Fig. 2: THEMIS2 was able to promote cancer stemness properties in TNBC cells.

A The protein expression levels of CSC markers in THEMIS2-overexpressing MDA-MB-231 and Hs578T cells, relative to those of their parental cells, were analyzed through immunoblotting. Actin was used as an internal control. B The sphere-forming abilities of three stable THEMIS2-overexpressing TNBC lines (MDA-MB-231, Hs578T, and BT549) relative to those of their parental cells. The histograms represent means ± SEs from three independent experiments (**P < 0.01; ***P < 0.001). C The colony-forming abilities of three stable THEMIS2-overexpressing TNBC lines (Hs578T, BT549, and MDA-MB-231-IV2 (IV2)) in soft agar, relative to those of their parental cells, were analyzed through a soft agar colony formation assay. The histograms represent means ± SEs from three independent experiments (**P < 0.01). D The invasion abilities of three stable THEMIS2-overexpressing TNBC lines (Hs578T, MDA-MB-231, and BT549), relative to those of their parental cells, were analyzed using a chemotactic cell invasion assay.
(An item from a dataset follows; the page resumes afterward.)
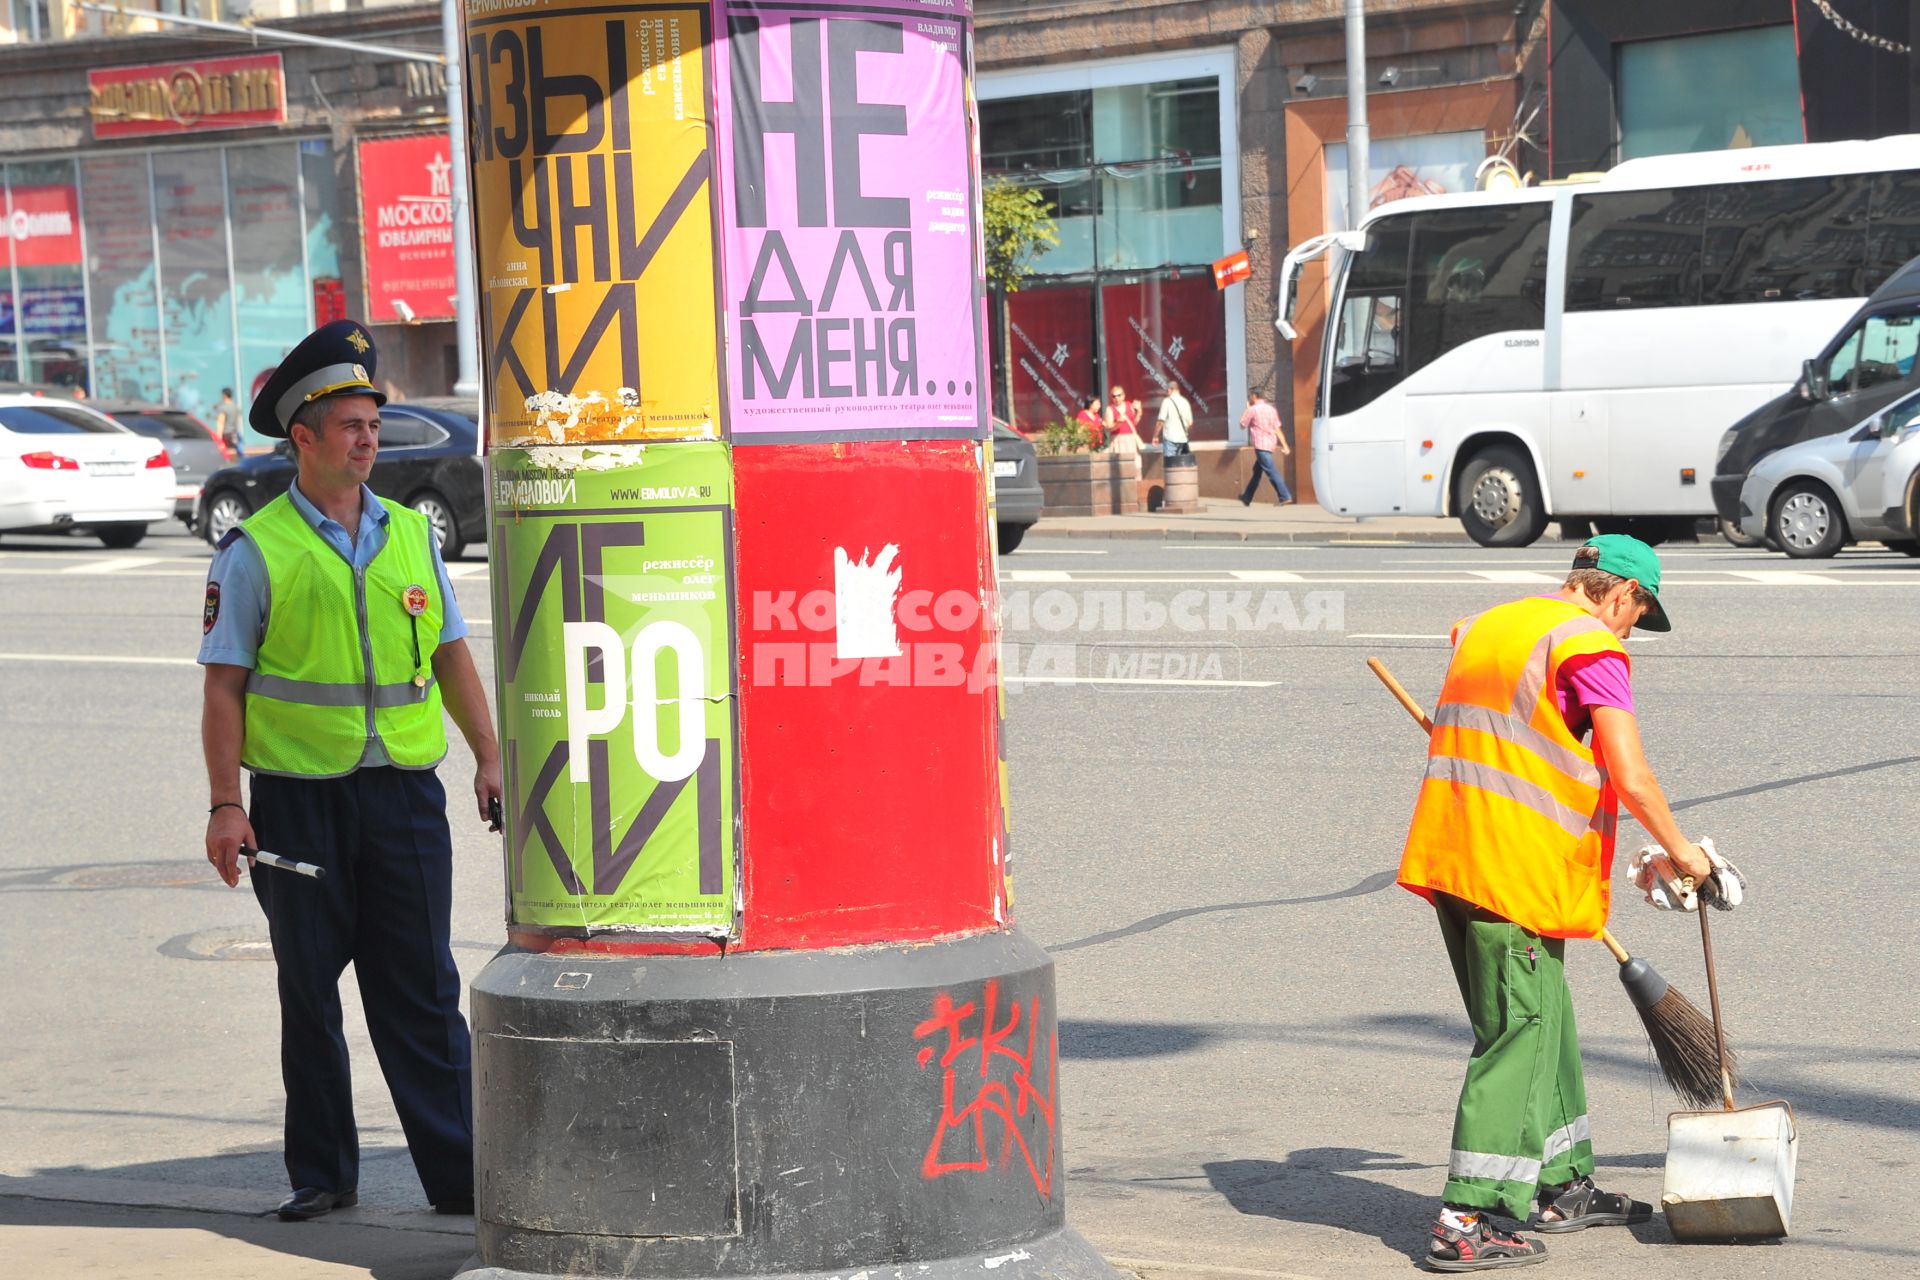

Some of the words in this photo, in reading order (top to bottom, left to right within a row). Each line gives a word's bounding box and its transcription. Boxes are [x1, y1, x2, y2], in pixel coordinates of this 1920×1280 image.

The histograms represent means ± SEs from three independent experiments (**P < 0.01). E 5 × 10² stable MDA-MB-231-pCMV6-THEMIS2 cells or stable pCMV6-control cells were orthotopically implanted into the mammary fat pads of 10 CB17-SCID mice (n = 10 for each group). Representative images of tumor growth and tumor latency are shown. F Left: THEMIS2 protein expression levels in stable THEMIS2-overexpressing MDA-MB-231 cells, as determined by immunoblotting analysis. Actin served as an internal control. The BLI image scatter plots represent means ± SEs from three independent experiments (*P < 0.05). Right: representative images of pulmonary metastasis induced by 5 × 10⁵ MDA-MB-231 cells with or without THEMIS2 overexpression in the CB17-SCID mice, 21 days after implantation (n = 3 for each group). Tumor growth was monitored through bioluminescent imaging. The actin bands in A served as the representative loading control of multiple immunoblots from the same batch of cell lysates. They served as the internal controls for comparing the intensity of the proteins bands stained by a given antibody.